Nearly a decade after his young life was tragically cut short, the South Florida community honored the memory of Trayvon Martin on what would have been his 27th birthday.
The 10th annual remembrance weekend took place starting with a Peace Walk and Peace Talk Saturday at Ives Estate Park. The event, hosted by the Trayvon Martin Foundation, celebrated the past year while encouraging the community to avoid violence and keep the peace.
Live performances including gospel music and interpretive dancing were all part of the event, as well as vendors and organizations who stand in solidarity with the cause.
In the years that followed Martin’s death, his family has become vocal leaders in the anti-violence movement.
His mother, Sybrina Fulton, has used her activism to help other grieving mothers in the community while narrowly losing a campaign for the Miami-Dade County Commission in 2020. She wrote a book with her ex-husband and Martin’s father, Tracy, after the shooting.
It was an emotional morning for Trayvon Martin's parents as they thanked those in the crowd for their endless support.
“I’m just trying to do my part. and I just encourage you, challenge you to do your part, thank you,” Fulton said.
His father, Tracy Martin, also said it was bittersweet to memorialize his death on the day he would’ve turned 27-years-old.
“We just want you guys to know that we love you all. We appreciate you all,” Tracy Martin said.
Miami-Dade County Mayor Daniella Levine Cava offered the Martin family her support.
“We can say truthfully that we will protect, no matter their color, their creed,” Levine Cava said.
George Floyd’s brother, Philonise Floyd was also in attendance. He said he sees the Martin family as his own and that the fight for equality continues.
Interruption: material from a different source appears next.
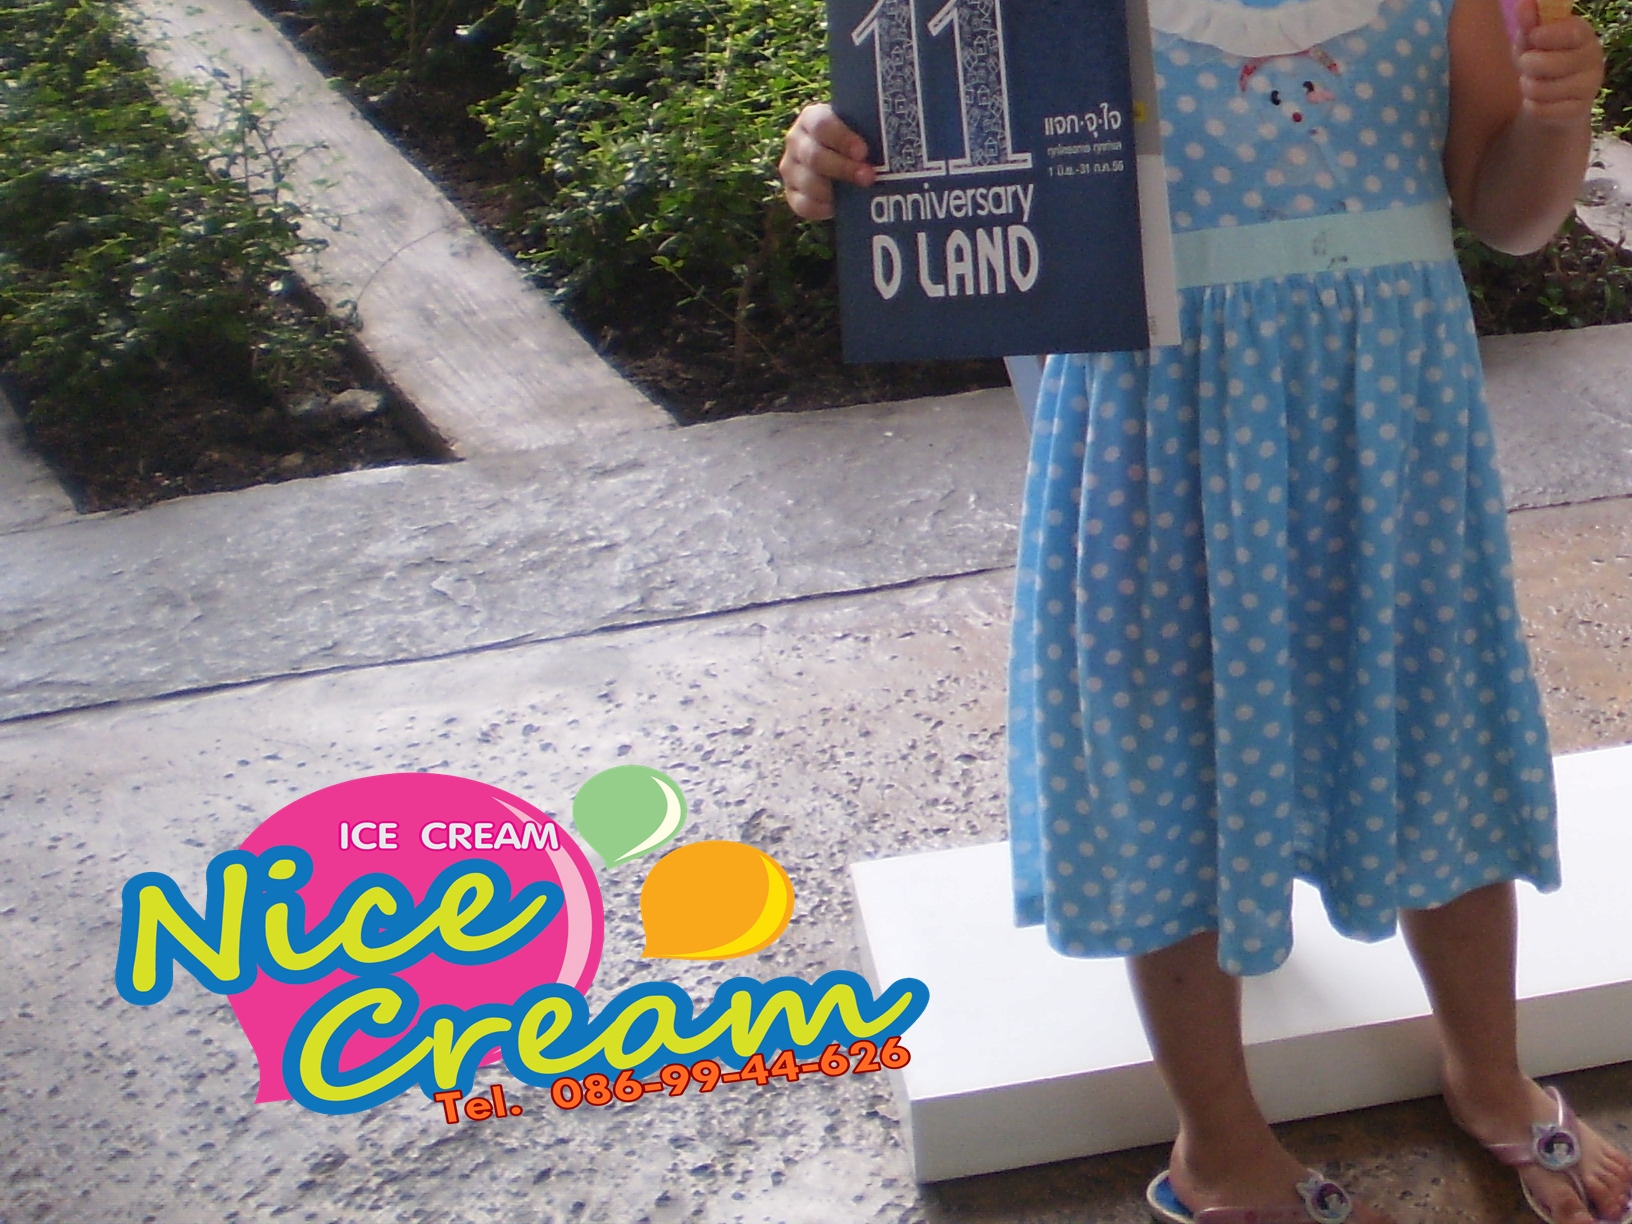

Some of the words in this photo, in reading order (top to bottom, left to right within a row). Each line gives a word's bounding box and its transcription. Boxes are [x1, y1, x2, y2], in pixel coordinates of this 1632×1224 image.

[870, 183, 1034, 223] anniversary
[872, 234, 902, 300] D
[917, 224, 1039, 298] LAND
“The fact that we gotta turn our pain into purpose to make people understand that we are here and we will continue to be here and our skin is not toxic. Please don’t make us another hashtag or another slogan,” Floyd said.
George Floyd’s nephew, Brandon Williams said conversations about racism, although uncomfortable, still need to happen and that it’s important to keep up the momentum.
“Continue to fight, continue to stand in solidarity, continue showering these families with love,” Williams said. “There’s a lot of families that aren’t household names, but the pain is the same.”
Martin, a Miami native who was a student at Dr. Michael Krop High School, was shot and killed while visiting his father’s Sanford neighborhood on February 26, 2012, following a altercation with neighborhood watchman George Zimmerman.
Zimmerman was acquitted of second-degree murder and manslaughter charges over a year later, a decision that led to peaceful protests in South Florida and across the country.